Intervention de l’archevêque du diocèse aux Armées des Etats-Unis

Vatican: Les aumôniers militaires appelés à être la voix de la conscience

Vatican, 16 octobre 2007 (Apic) Les aumôniers militaires doivent être la voix de la conscience et les défenseurs des droits de l’homme de leurs propres soldats, des ennemis combattants et des civils, estime Mgr Edwin F. O’Brien, qui vient d’être installé sur le siège historique de Baltimore. Mgr O’Brien fut pendant 10 ans archevêque du diocèse aux Armées des Etats-Unis.

Alors que les Etats-Unis ont vu leur réputation fortement mise à mal par les révélations sur les tortures infligées dans les prisons irakienne d’Abou Ghraib, afghane de Bagram ou cubaine de Guantanamo, l’ancien évêque aux armées rappelle quelques principes de base. «S’il y a une acceptation du meurtre direct de non combattants ou si on justifie la torture pour obtenir des informations, le service de l’aumônerie militaire est soit absent soit il ne fait pas son travail», a déclaré l’archevêque de Baltimore à l’occasion d’un cours pour les aumôniers militaires organisé par le Vatican.

Il a qualifié d’»extrêmement barbare» le traitement réservé aux prisonniers du centre de détention d’Abou Ghraib, et estimé que cela démontrait à quelles extrémités les êtres humains pouvaient arriver, spécialement en temps de guerre. «Il est, peut-être, significatif que la prison d’Abou Ghraib n’avait pas d’aumônier assigné, bien que les règles de l’armée l’exigent», a-t-il relevé.

Le cours dispensé au Vatican, centré sur la coopération entre les religions pour promouvoir le droit humanitaire et les droits de l’homme dans les situations de conflit, était soutenu par la Congrégation pour les évêques et les Conseils pontificaux «Justice et Paix» et pour le Dialogue interreligieux et pour la Promotion de l’unité des chrétiens.

L’aumônier témoin d’un acte de torture doit réagir

L’archevêque O’Brien a rappelé aux participants du cours l’obligation de la communauté militaire internationale de prendre au sérieux et de respecter les croyances religieuses des autres. C’est «critique aujourd’hui» étant donné l’engagement croissant de forces de maintien de la paix multinationales et des tensions persistantes au Moyen-Orient. Il a insisté sur le fait que les aumôniers militaires devaient avoir une solide formation dans leur propre tradition religieuse mais également connaître et respecter la foi des autres croyances.

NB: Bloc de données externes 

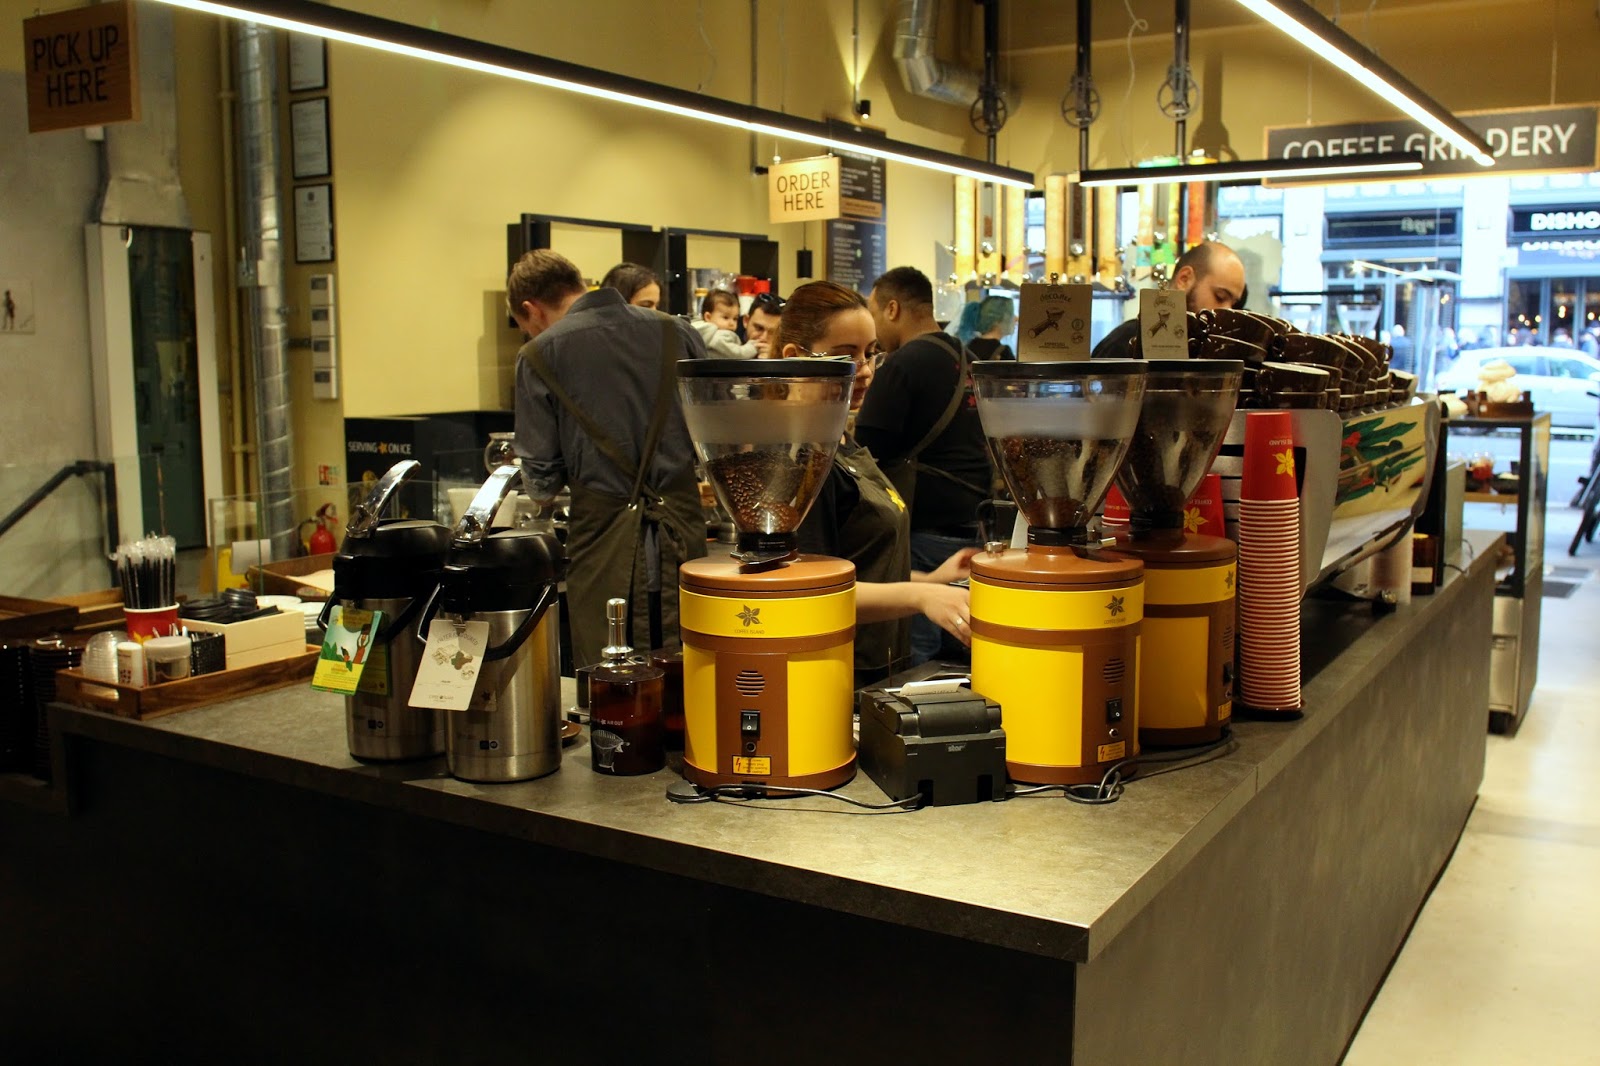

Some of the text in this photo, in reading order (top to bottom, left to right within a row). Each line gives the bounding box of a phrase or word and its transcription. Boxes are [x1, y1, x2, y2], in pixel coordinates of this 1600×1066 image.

La connaissance et le respect des autres croyances religieuses doivent aller jusqu’à fournir aux prisonniers, pour pouvoir prier et célébrer leur culte, des accessoires qui ne sont normalement pas accessibles. Ainsi les prisonniers musulmans devraient, dans la mesure du possible, pouvoir disposer de tapis de prière et d’un Coran.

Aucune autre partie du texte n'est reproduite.